It is always difficult to establish comparisons between a truly radical and unique author or work with another with similar qualities working in a different way. But sometimes it’s hard not to see some influencealbeit subtle, and becomes more complicated when decisions are made that make the parallels even more obvious.
This is what happens with one of the most surprising and unique works of Lars Von Trier, which was not produced in the cinema but on the television screen. A series that would not have been possible if David Lynch had not come to push the boundaries of episodic fiction with ‘Twin Peaks’, and that also manages to transgress in a way somewhat similar to what the American series did. His return this year with a new installment years later, in an almost identical way to how ‘Twin Peaks: The Return’ did, make comparisons with ‘The Kingdom‘.
where good and evil meet
With this imperial name the Danish denominates the hospital that will focus the dramas and mysteries of the series throughout two seasons and 8 episodes in total (available to see through Filmin).

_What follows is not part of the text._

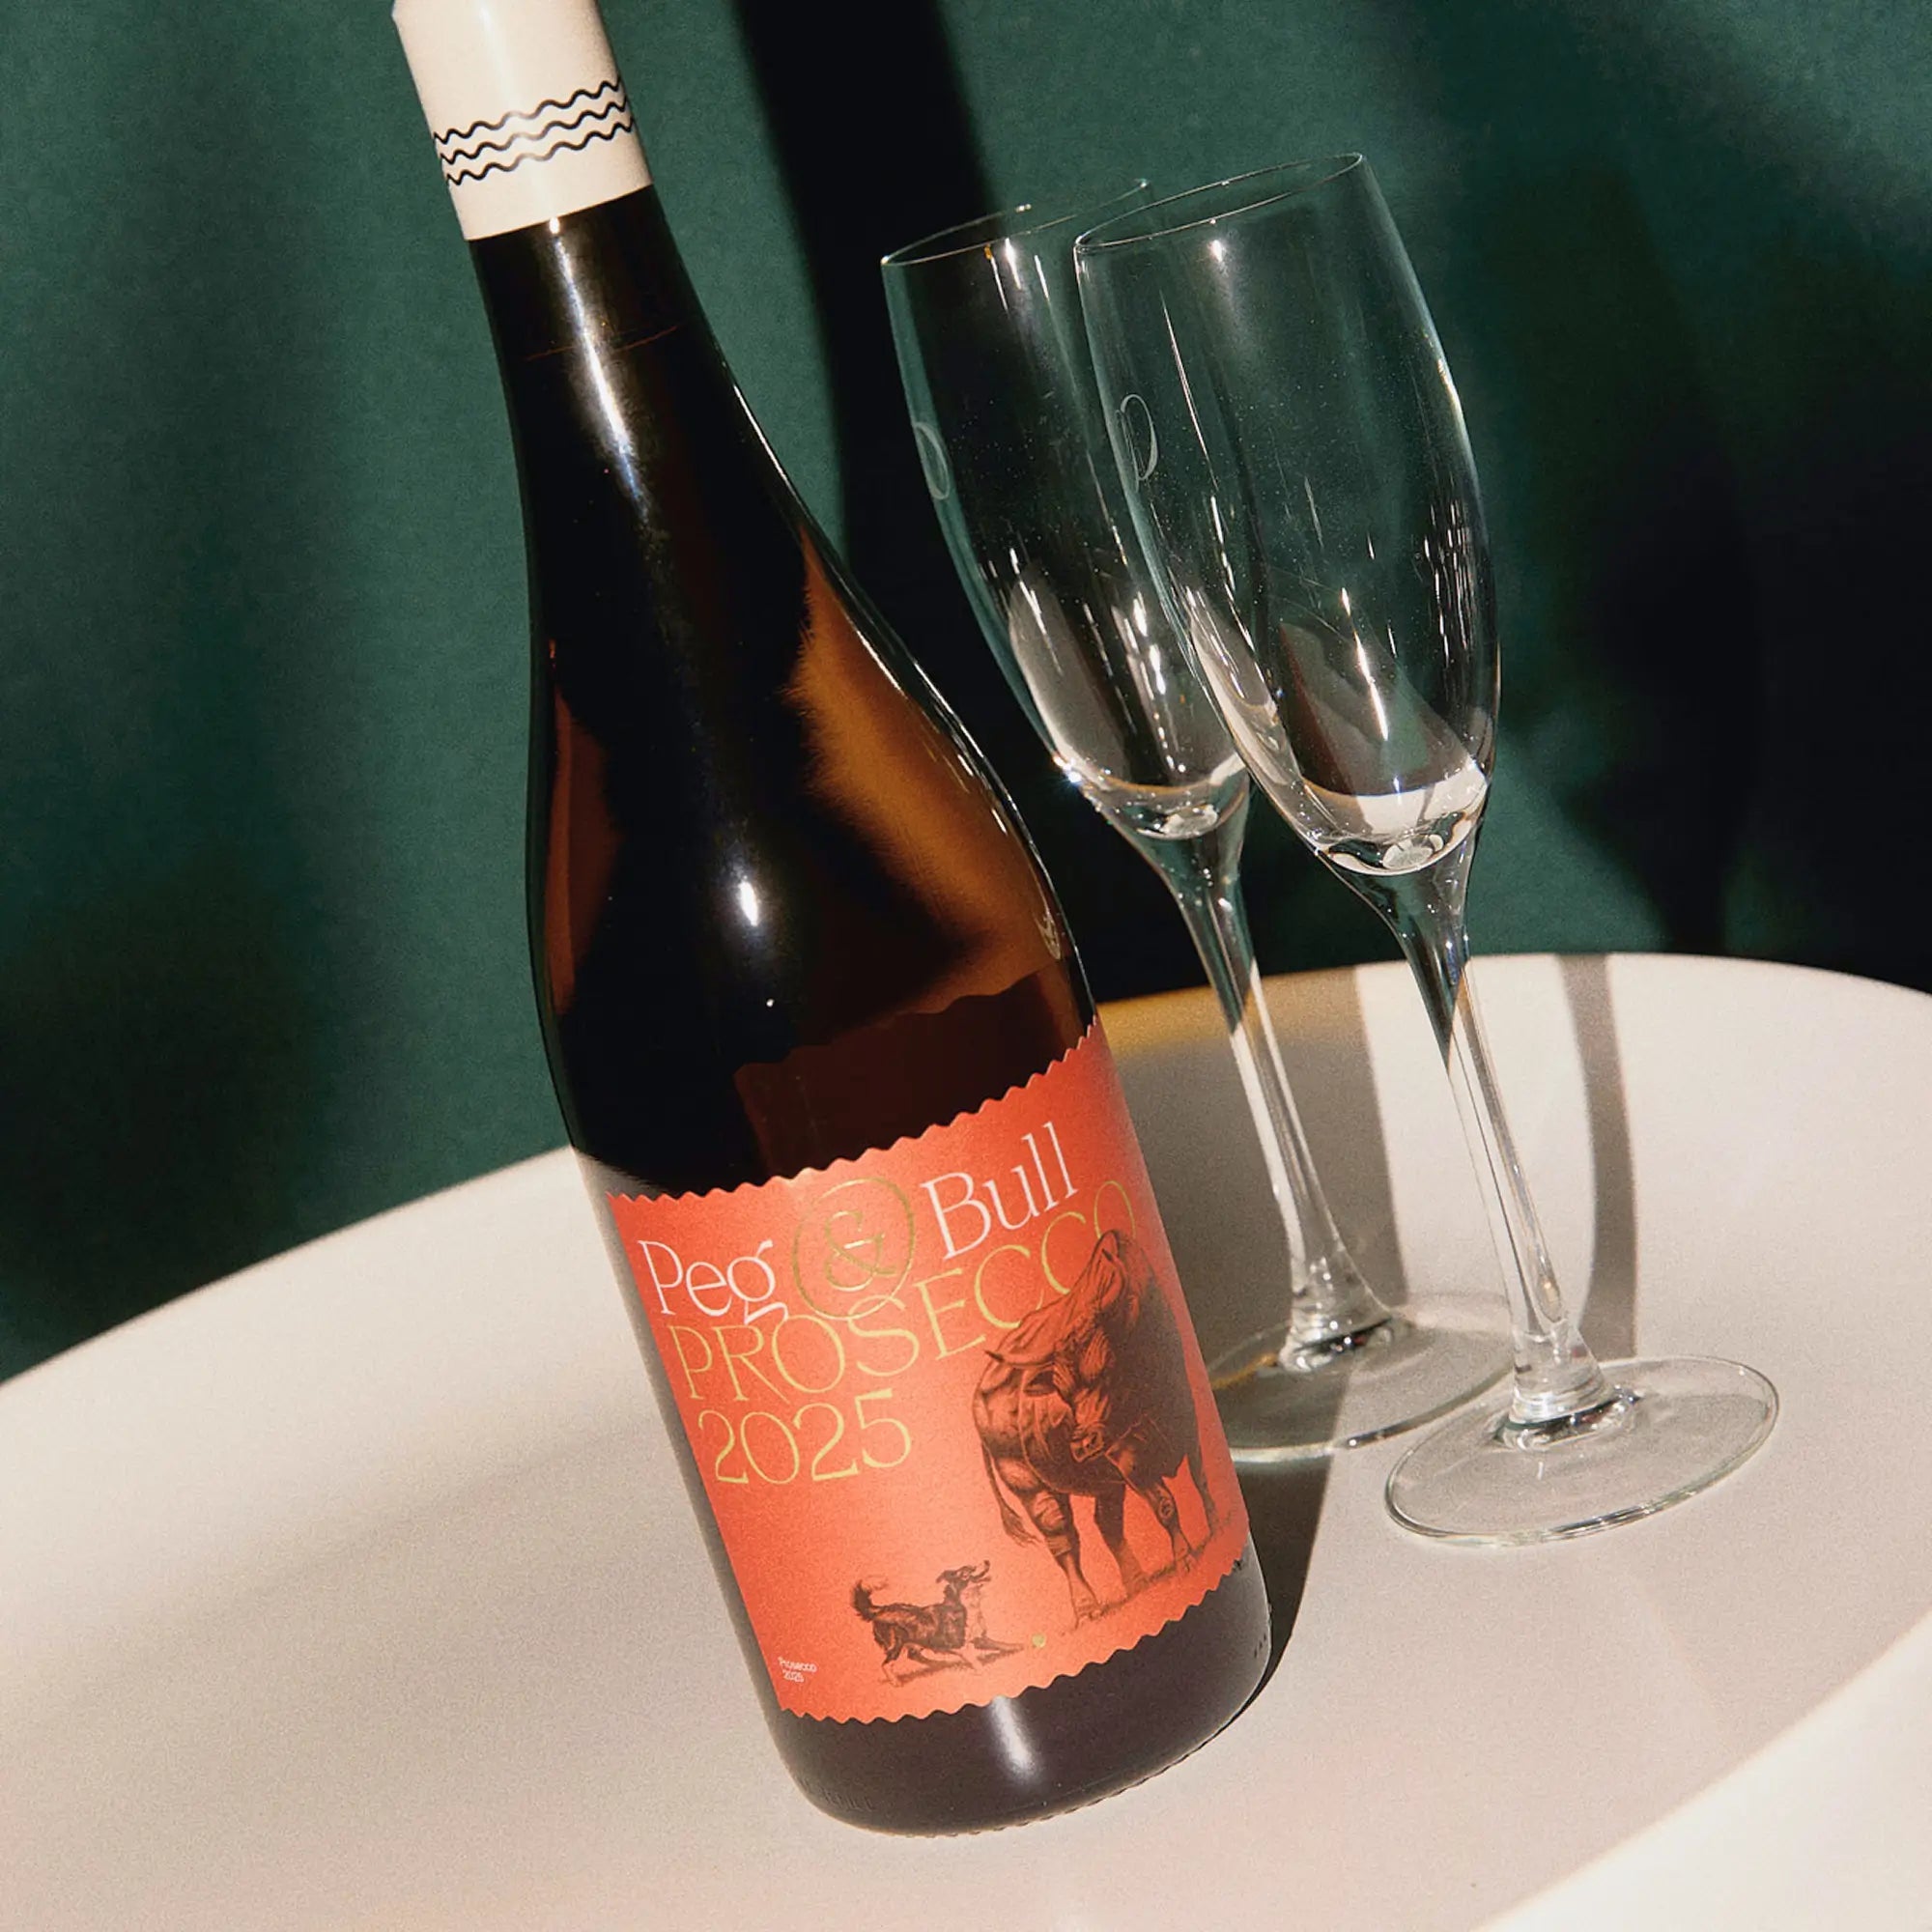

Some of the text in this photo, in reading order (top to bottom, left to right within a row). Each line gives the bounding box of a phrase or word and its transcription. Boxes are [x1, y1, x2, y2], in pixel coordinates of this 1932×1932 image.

[638, 1239, 788, 1325] Peg
[919, 1122, 1078, 1260] Bull
[698, 1388, 911, 1485] 2025

This modern center is frightening due to its labyrinthine structure and the strange events that take place, which the author attributes to the construction in an old and disturbing swamp where people washed their clothes, creating an inexplicable eternal mist from the vapors of the washed.

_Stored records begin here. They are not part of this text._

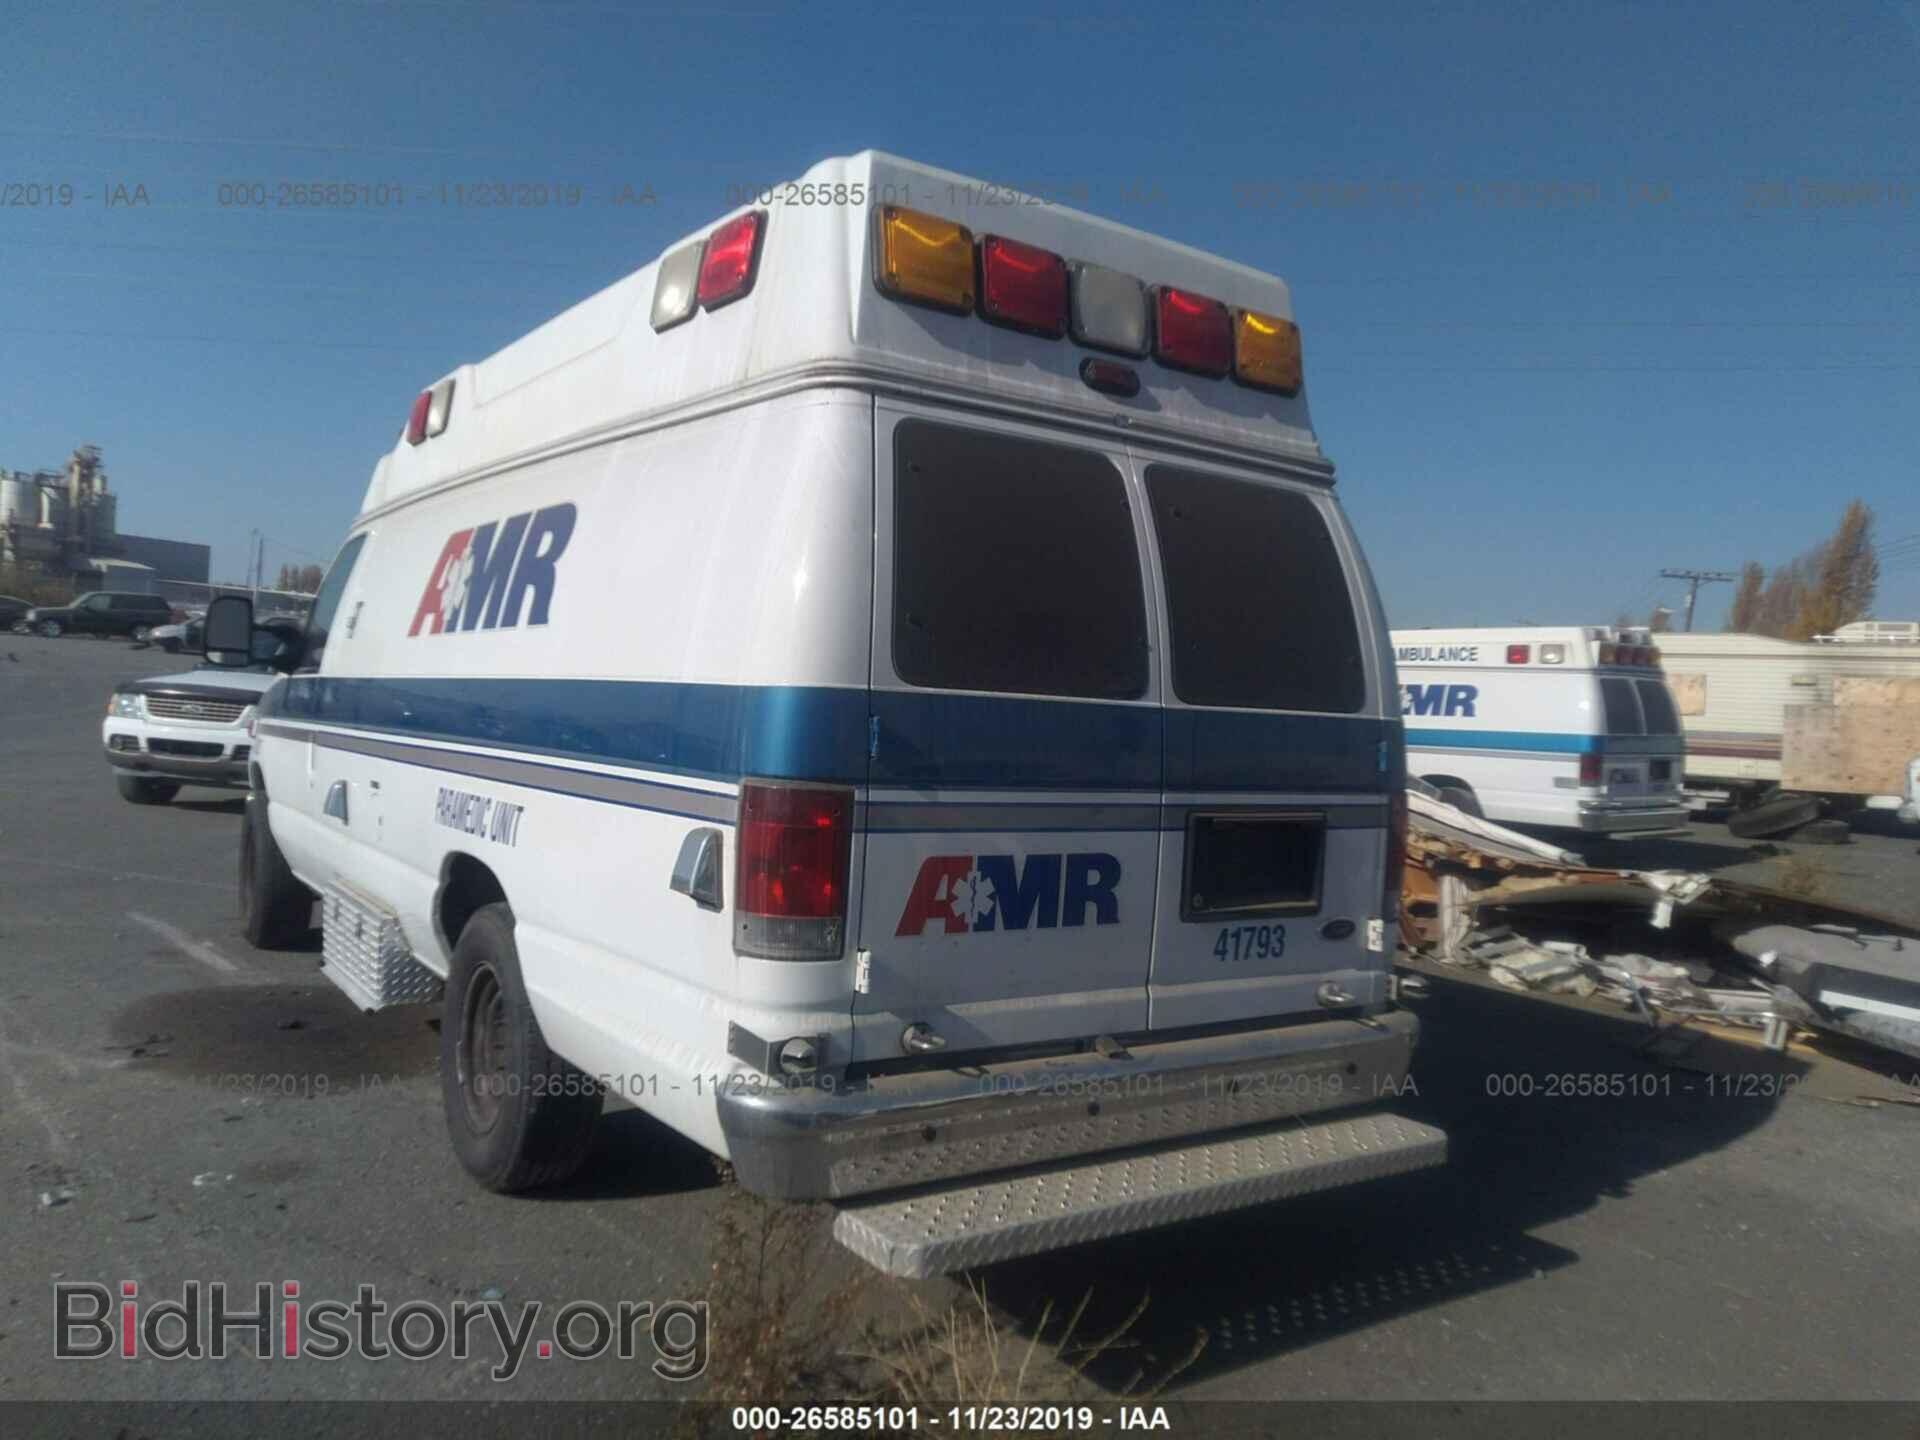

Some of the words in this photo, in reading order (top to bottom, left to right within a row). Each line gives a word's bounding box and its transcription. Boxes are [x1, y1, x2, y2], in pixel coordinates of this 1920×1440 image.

[408, 502, 577, 637] AMR
[1394, 646, 1479, 662] MBULANCE
[1397, 684, 1478, 717] MR
[435, 787, 493, 838] PARAMEDIC
[491, 800, 524, 848] UNIT
[895, 852, 1121, 937] AMR
[1213, 924, 1286, 962] 41793

Some secrets are too terrible to stay buried seems to tell us that very introduction, explaining how scientific egomania allows doctors to ignore the mystical or the “divine” and how that is going to work against them. Different and increasingly bizarre elements will be found with the episodescompletely disrupting the lives of the professionals of El Reino.
With these airs dark fantasy and quite bad slime, which also translates through a black comedy, Von Trier creates his own twisted version of soap operas centered on medical dramas. Inspired by the freedom of the aforementioned ‘Twin Peaks’, she tries to make a reflection of the collision between the apparent goodness in small communities that ends up absolutely corrupted by a mysterious but latent evil that progresses uncontrollably.
‘The kingdom’: tragedy will fall on you
Of course its virtues are not limited to those of the Lynch series. ‘The Kingdom’ is pure Von Trier with his radical aesthetics and anti-spectacle, still following the parameters of Dogma 95 that he had stipulated in his youth. His way of writhing with pleasure ridiculing and torturing the characters is also a trademark, as is his way of disturbing the viewer with terrible ideas or creepy images, as well as frustrating them with mysteries to which he does not intend to give easy answers.
It is not a series that one comes to see to settle down and that they give everything well tied. The Dane wants to introduce us to the perfect collision of worlds: good and evil, science and the spiritual. ‘The Kingdom’ manages to be riveting in its pursuit and descent into madness, brilliantly twisted thanks to that variety show vibe that Von Trier himself lampoons at the end of each episode. One of the essential jewels of his career that is worth enjoying now that it is streaming.